(Source material begins)

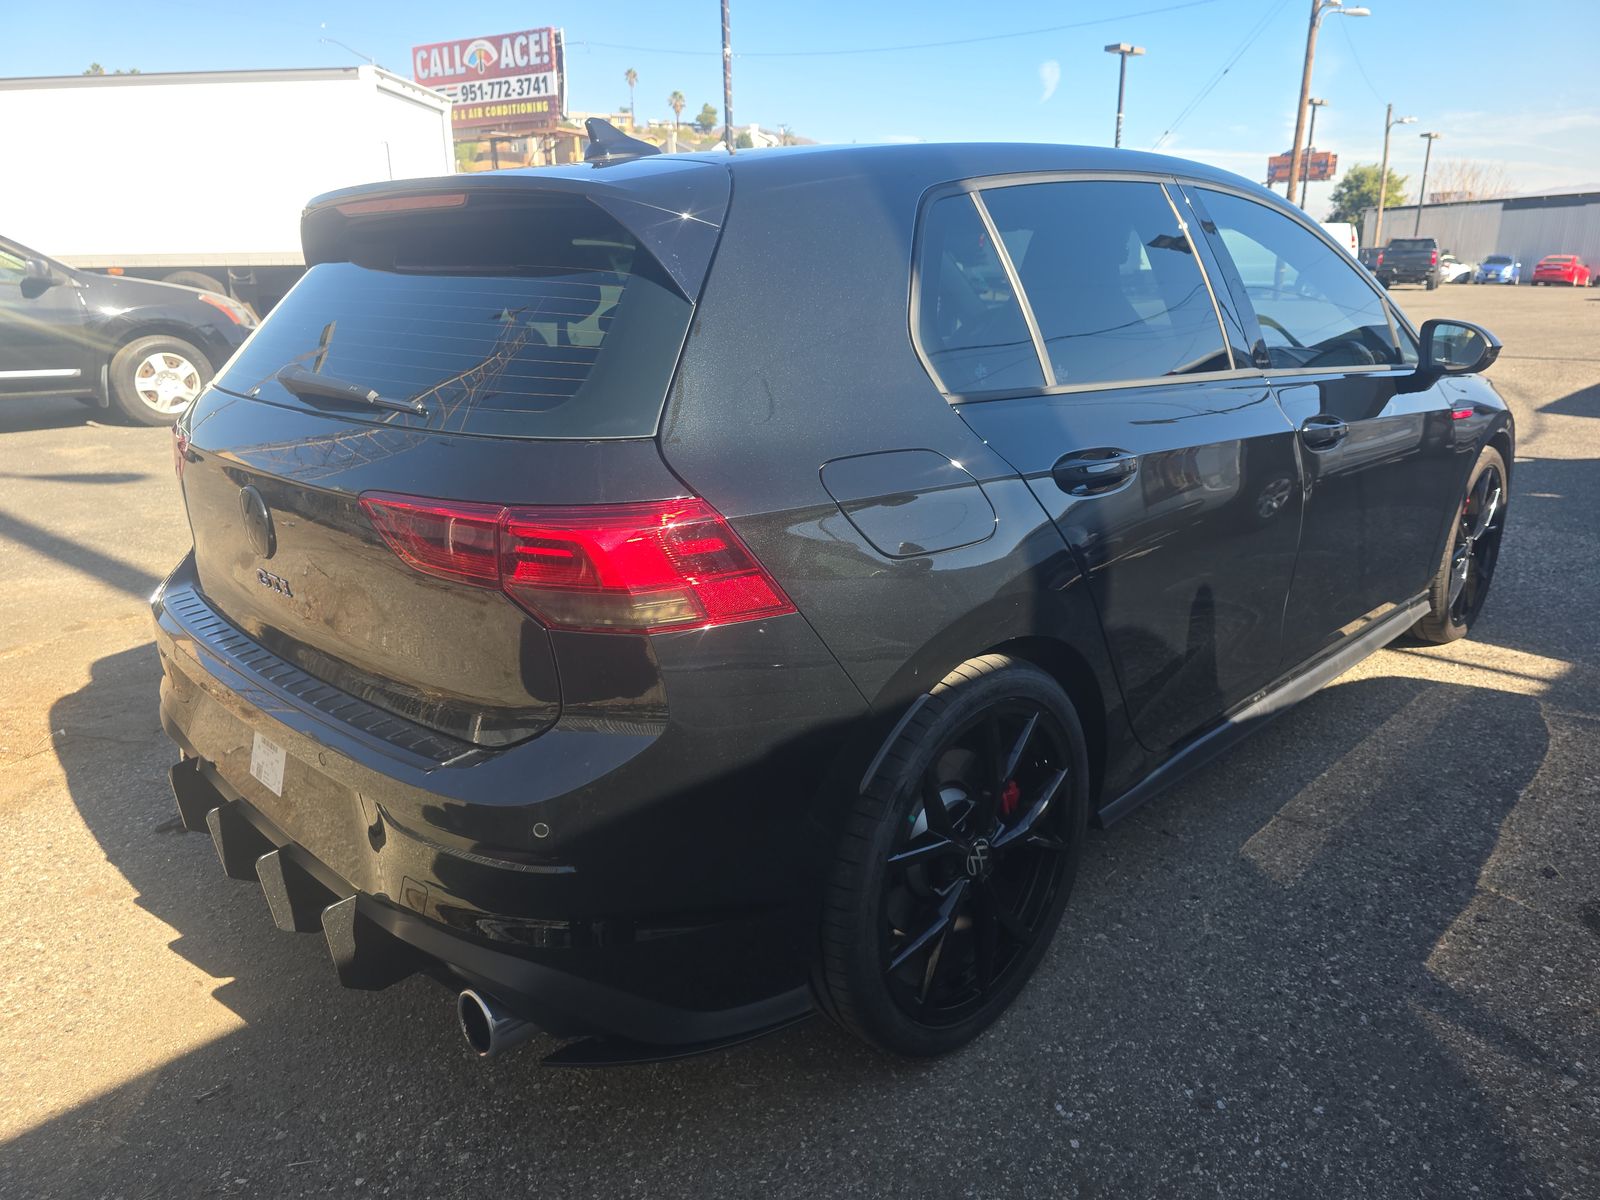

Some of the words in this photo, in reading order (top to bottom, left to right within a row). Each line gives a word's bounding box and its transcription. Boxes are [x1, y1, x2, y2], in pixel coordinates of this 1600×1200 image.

[416, 45, 466, 79] CALL
[500, 31, 550, 69] ACE!
[468, 107, 483, 119] AIR
[485, 101, 549, 117] CONDITIONING
[256, 567, 293, 598] GTI
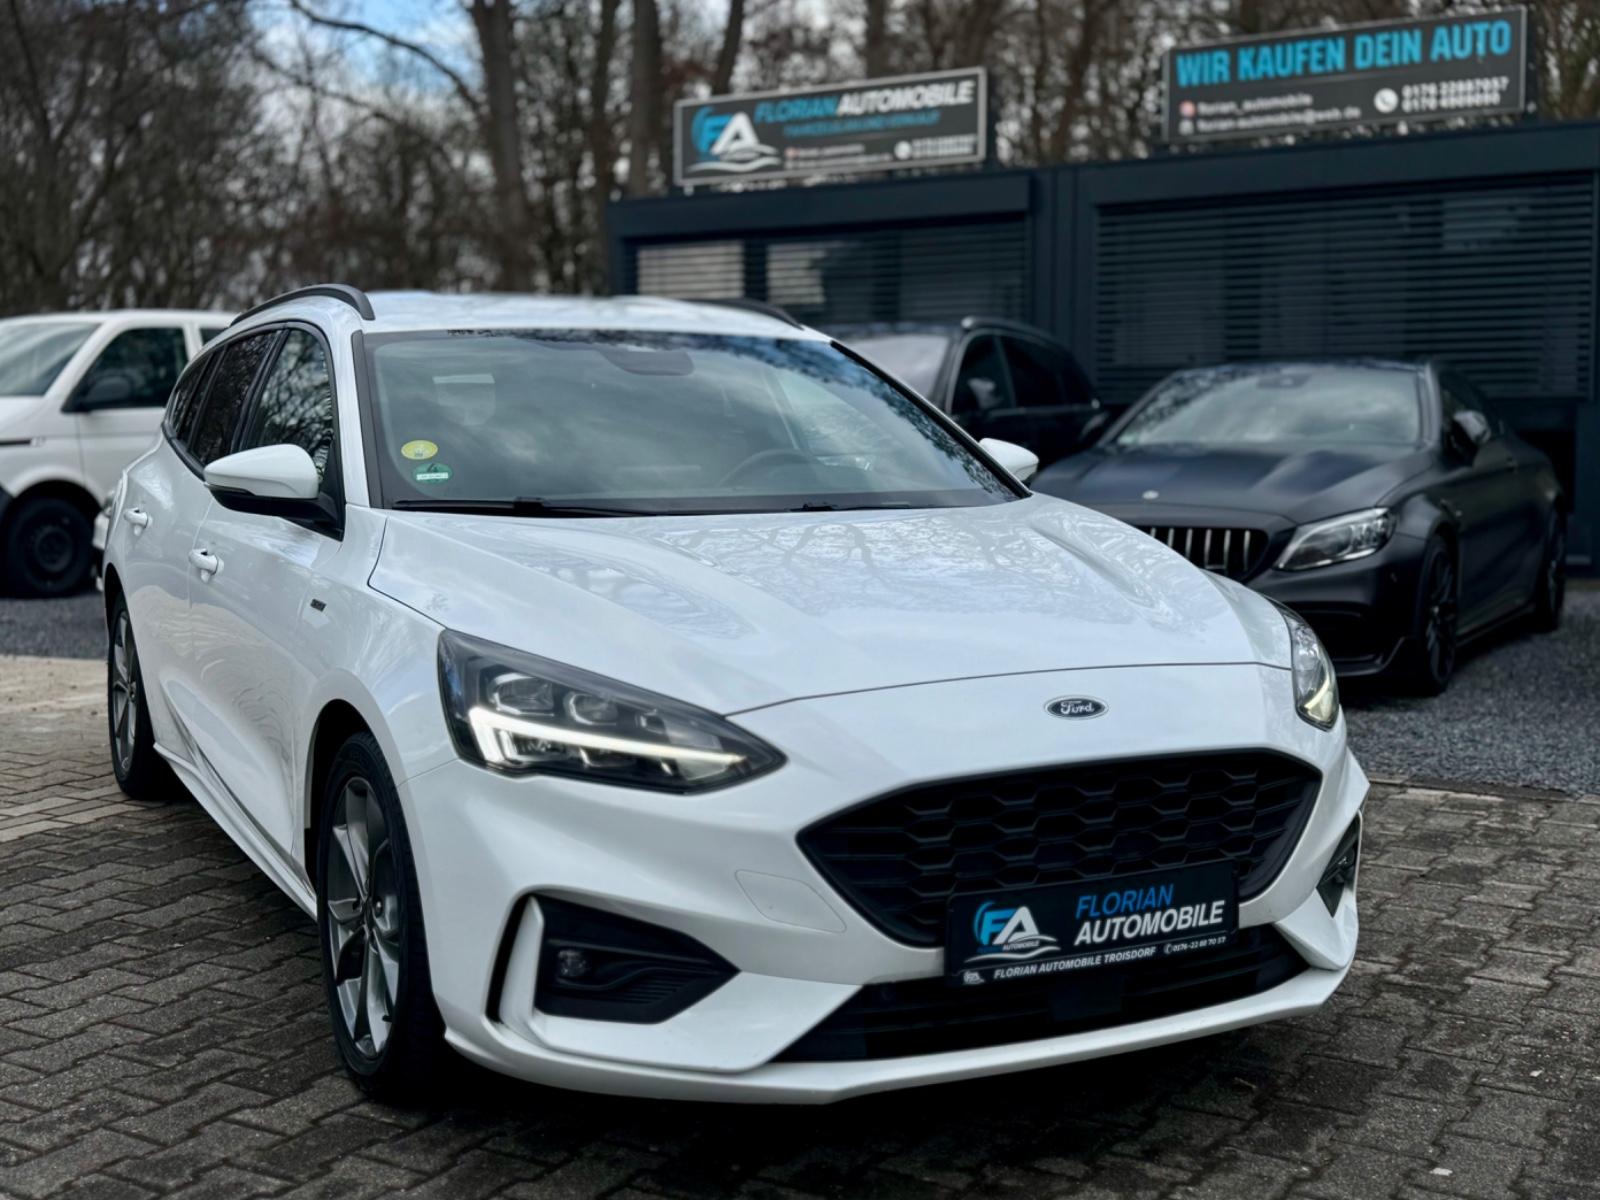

(Source material ends)

**What the task asks**
Retype the entire listing exactly as it appears, dropping only the pictures.

**Completed task**
Some of the words in this photo, in reading order (top to bottom, left to right within a row). Each line gives a word's bounding box and its transcription. Boxes are [x1, y1, x2, y2], in pixel coordinates of this 1600×1200 image.

[416, 45, 466, 79] CALL
[500, 31, 550, 69] ACE!
[468, 107, 483, 119] AIR
[485, 101, 549, 117] CONDITIONING
[256, 567, 293, 598] GTI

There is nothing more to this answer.